As a new LEV asked to lead a Sunday service at ABRH, I went to meet the Activities Director and take a tour to ensure I understood the logistics and charism of the facility. Quickly realizing that she was the person of peace inviting us to bring the love of Christ to ABRH, I simply asked, "What else can we do to help?" It was an obvious question to me. Her small desk was piled higher than it was wide. Her office looked like a cross between a cruise director's and preschool director's. She clearly gives up her space and herself to her role as Director of Activities. We talked about how her role fit in and how All Saints had been a reliable supporter over the years. She asked if we could help with more Sundays and if we could find paid musicians to fill open spots on her Saturday activity calendar. She made it clear they needed no financial assistance, just loving people of integrity that would follow through.
After a few weeks, I followed up in person to confirm we could take on more Sundays and discuss what's next. I asked about personally inviting patients and families to the service rather than just the impersonal, cold announcement over the speaker system. This allows us to go door to door with a simple smile and hello. We ask if anyone would like to attend if they can and if not, which is most of the time due to ambulatory reasons, we pray with and for them at that time.
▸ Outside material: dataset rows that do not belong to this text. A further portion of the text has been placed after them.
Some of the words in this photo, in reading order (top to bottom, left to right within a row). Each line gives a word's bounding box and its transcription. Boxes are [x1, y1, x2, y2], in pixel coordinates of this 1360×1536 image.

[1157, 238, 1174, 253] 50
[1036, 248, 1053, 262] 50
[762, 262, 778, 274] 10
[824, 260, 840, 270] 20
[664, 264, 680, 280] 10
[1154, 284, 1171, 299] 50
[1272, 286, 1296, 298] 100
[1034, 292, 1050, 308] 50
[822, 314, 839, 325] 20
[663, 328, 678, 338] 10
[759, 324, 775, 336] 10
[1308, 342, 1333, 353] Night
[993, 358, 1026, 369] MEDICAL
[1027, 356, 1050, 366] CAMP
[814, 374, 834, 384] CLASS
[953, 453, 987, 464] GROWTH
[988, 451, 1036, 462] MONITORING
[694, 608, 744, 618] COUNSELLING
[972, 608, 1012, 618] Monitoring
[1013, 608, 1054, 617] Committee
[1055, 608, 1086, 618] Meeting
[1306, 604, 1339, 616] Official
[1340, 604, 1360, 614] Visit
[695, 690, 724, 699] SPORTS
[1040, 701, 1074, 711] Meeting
Having prayed before we even begin, we see that we are encountering many who are prepared for us to be present. Please know, that here I mean not only do we pray before the start of the service but clearly as a result of the prayers from years and years ago by faithful saints from All Saints, many are prepared by the Holy Spirit to receive the love of Christ that we humbly try to carry. Those original two parishioners' faithful prayer and effort planted seeds. The stories each week are numerous about the people we encounter and their pain, their joy, their fear, their suffering, and their hope. The harvest is so ripe to bring the presence of Christ to these of all ages and conditions.
I then asked if we could hold a staff appreciation event to reach out even further. The answer was, "How about September?". A prayer request box for staff was also offered. To that offer, we were told, "Let's put it next to the staff time clock!" In the same meeting I was asked if we could find an artist to come in for a hands on hour-long class during the week.
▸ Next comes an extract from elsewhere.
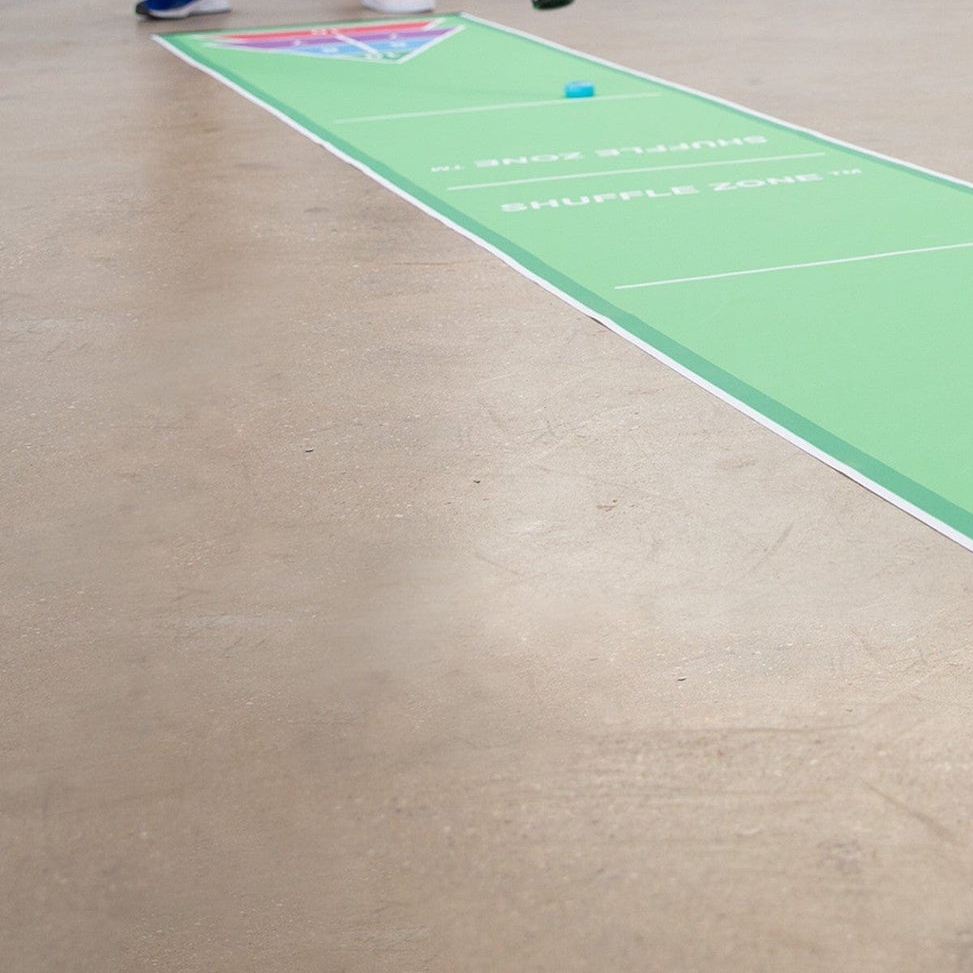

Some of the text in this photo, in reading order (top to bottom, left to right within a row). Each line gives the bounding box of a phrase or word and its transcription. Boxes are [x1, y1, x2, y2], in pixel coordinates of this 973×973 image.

[594, 135, 769, 157] SHUFFLE
[474, 151, 587, 168] ZONE
[500, 184, 700, 213] SHUFFLE
[712, 172, 824, 192] ZONE
We are building relationships within ABRH with staff and patients. We hope to extend that outside through inviting some of the local businesses to join in on the Staff Appreciation event so we can expand the gift of presence to them as well. Being given the gift of presence or invited to be a giver allows All Saints to build relationship and open doors to all for the love of Christ. Our local barista is quite curious about what we are doing and we have the sense that he too is being prepared in some way by the Holy Spirit. ABRH is the reason for a conversation with these neighbors and the gift of loving presence is special to be invited to join. We're still looking for musicians and artists to enter this open door and know that the Lord is preparing those to arrive in His timing.
Do you have any advice for someone who wants to start a similar ministry?
If you hear God is at work, go join Him.
Realize that there may be more He has readied for you to do for Him and you need to be curious and open to what that might be so don't set limits.
Be willing to give what someone wants, listen well and then offer what is laid upon your heart that they may need.
Finally, be reliable people of integrity. There is no need to over commit. God has the supply to meet the demand so ask others to help. One of the musicians I found was through my work. He is married to a coworker. He's recovering from his 2nd bout with cancer and has asked if he could provide some gospel music once a month to others who are in a state of recovery.